The cell wall is one of the primary destinations of internalized Al ions. The primary plant cell walls are composed of cellulose, hemicelluloses, and glycoproteins embedded in a pectic matrix [59]. Studies have shown that the hemicellulose component may impact Al resistance. Lower xyloglucan content is associated with reduced Al-binding capacity in the cell walls of A. thaliana [60]. The A. thaliana xyloglucan endotransglucosylase-hydrolase 31 (XTH31) has predominately xyloglucan endohydrolase activity in vitro; loss of XTH31 results in a remarkably reduced in vivo xyloglucan endotransglucosylase (XET) action and enhanced Al resistance [34]. The abundance of the switchgrass XTH (Pavir.J17983.1) was reduced 5-fold in Al-treated (ratio of Al treated/control = 0.20) root tip tissues, which suggests that this enzyme may have had a positive impact on Al tolerance following the same mechanism as in A. thaliana. More importantly, our finding that the switchgrass XTH protein was regulated under Al stress suggests that these proteins may have an essential role against Al toxicity in both dicots and monocots.

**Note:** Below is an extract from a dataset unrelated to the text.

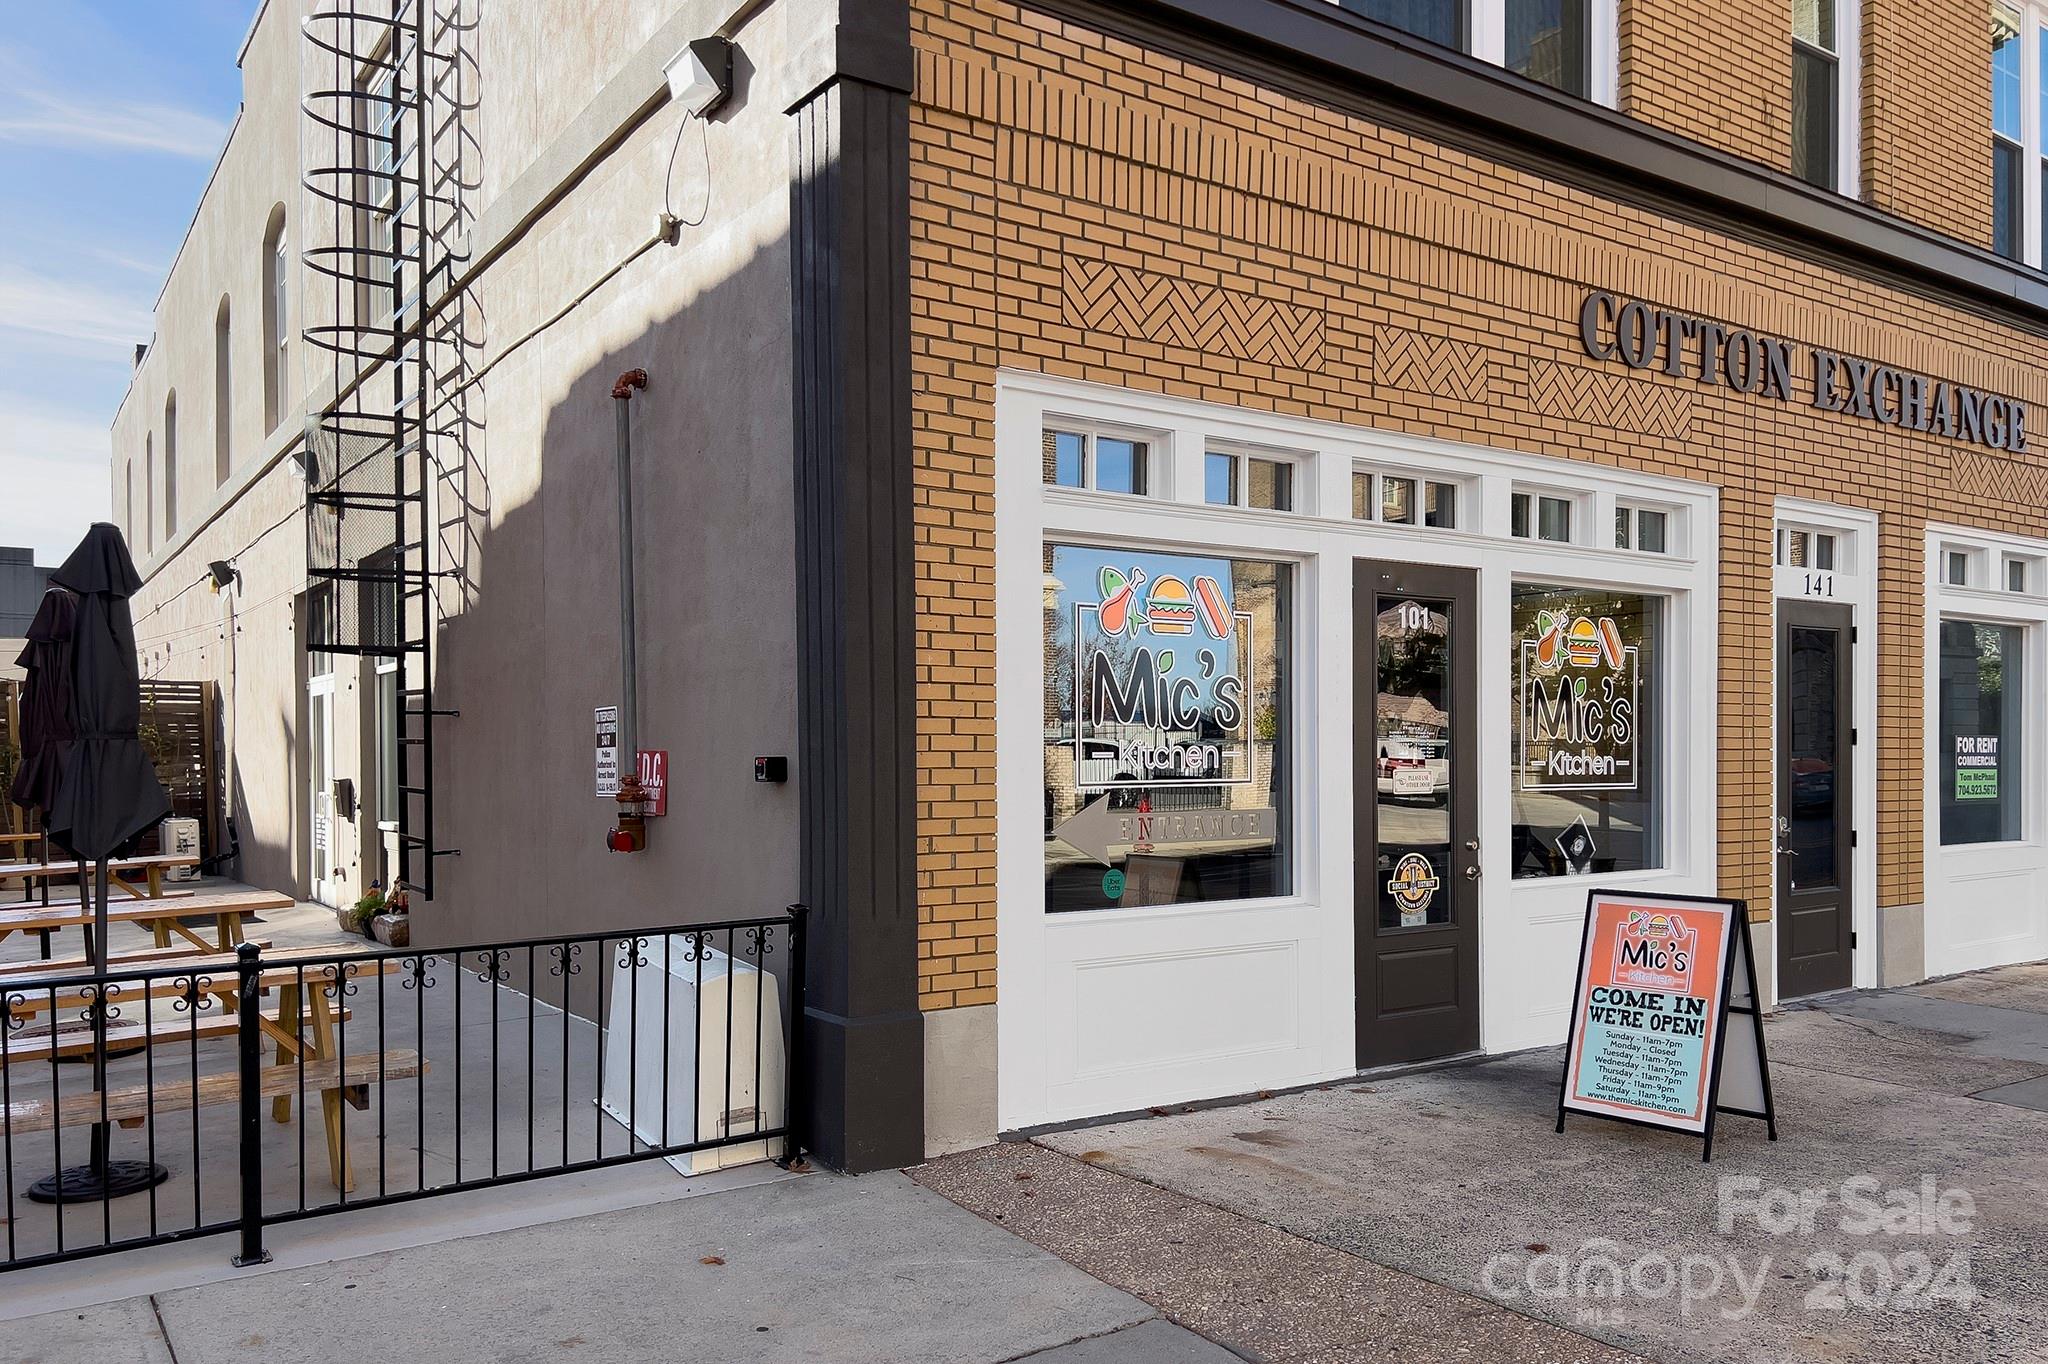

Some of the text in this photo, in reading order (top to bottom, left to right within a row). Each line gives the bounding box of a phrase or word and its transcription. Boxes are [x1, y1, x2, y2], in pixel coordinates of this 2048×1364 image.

The ALS3 gene encodes a membrane ABC transporter-like protein. It is localized in the phloem and the root cortex following Al treatment [61]. NAP3 (also known as ABCI17) is a non-intrinsic ABC protein. ALS3 and NAP3 are two genes that function in Al tolerance, as well as the phosphate deficiency condition, which is a common occurrence in Al-enriched acidic soils [62]. ALS3 and NAP3 proteins form an ABC transporter complex, which helps to remove internalized Al away from sensitive tissues such as growing roots to tissues that are less sensitive to the toxic effects of Al [61,62]. The protein abundance of NAP3 (Pavir.Db00270.1) was increased 2-fold in the root-apex, and 1.5-fold in the elongation/maturation zone by Al treatments. The enrichment of NAP3 is in agreement with its function in Al tolerance. However, the ALS3 protein was not quantified with high confidence (it was only identified with one peptide); its role in Al stress cannot be determined in this study.
B.
Regulation of cell proliferation and morphological changes in Al-treated roots
Plants shape their organs with a precision demanded by optimal function. Organ shaping requires control over cell wall expansion anisotropy [60]. Swollen root tips and shortened root apex [21] are typical symptoms of Al toxicity [63]. The swollen root tips (or radial swelling) were suggested to be caused by impaired anisotropic growth when grown under non-permissive conditions [63]. In the switchgrass root tips, the tubulin-folding protein (KIS) was at a higher abundance level compared to the non-treated control group (Pavir.Ab03232.1, 2.0-fold). Previous studies showed that KIS mutants produced phenotypes (meiotic defects, impaired cell division, and trichomes bulged and less branched) associated with impaired microtubule function [64]. The switchgrass SPIRAL1-like1 (Pavir.Ib02055.1, 1.43-fold) participates in maintaining the cortical microtubule organization and thus is essential for anisotropic cell growth. A study by Xu (2008) shows that the swollen root tip formation process can be stopped by halting ethylene biosynthesis [65]. In switchgrass, the abundance of a key enzyme for ethylene synthesis, aminocyclopropanecarboxylate oxidase, was reduced (Pavir.Hb01502.1, 0.54-fold). The Al-induced changes in the level of accumulation of these proteins and their role in regulating cell morphology and hormone level may prevent root-tips from becoming misshaped in Al-treated plants.
C.
Modulation of the genome expression system
Reprogramming genome expression includes chromatin remodeling, transcription of a selective set of genes, and translation of the encoded proteins. This provides the bases for the global proteome changes described above. A large number of significantly changed proteins were found to be involved in this process. Among the transcription factors/activators, the multiprotein bridging factor 1A (MBF1A) transcriptional coactivator was at a higher abundance level in Al-treated plants compared to control plants (Pavir.Fa01472.1, 1.70-fold); the same protein was also identified in long-term Al-treated tomato roots [21]. BTF3-Basic transcription factor 3 (Pavir.Ia01716.1, 1.97-fold) functions as a key regulator of plant growth and development, as well as in the tolerance to biotic and abiotic stresses [66]. The G-box binding factor 1 (GBF1) is a transcriptional activator (Pavir.Ba03287.1, 1.47-fold) that is involved in the regulatory pathways that activate expression of antioxidant enzymes to control intracellular H2O2 content [67]. This study of switchgrass root proteomes has identified, for the first time, the association of these TFs with Al stress. Therefore, future studies of these TFs regulatory pathways will lead to the discovery of novel genes playing roles in Al tolerance mechanisms.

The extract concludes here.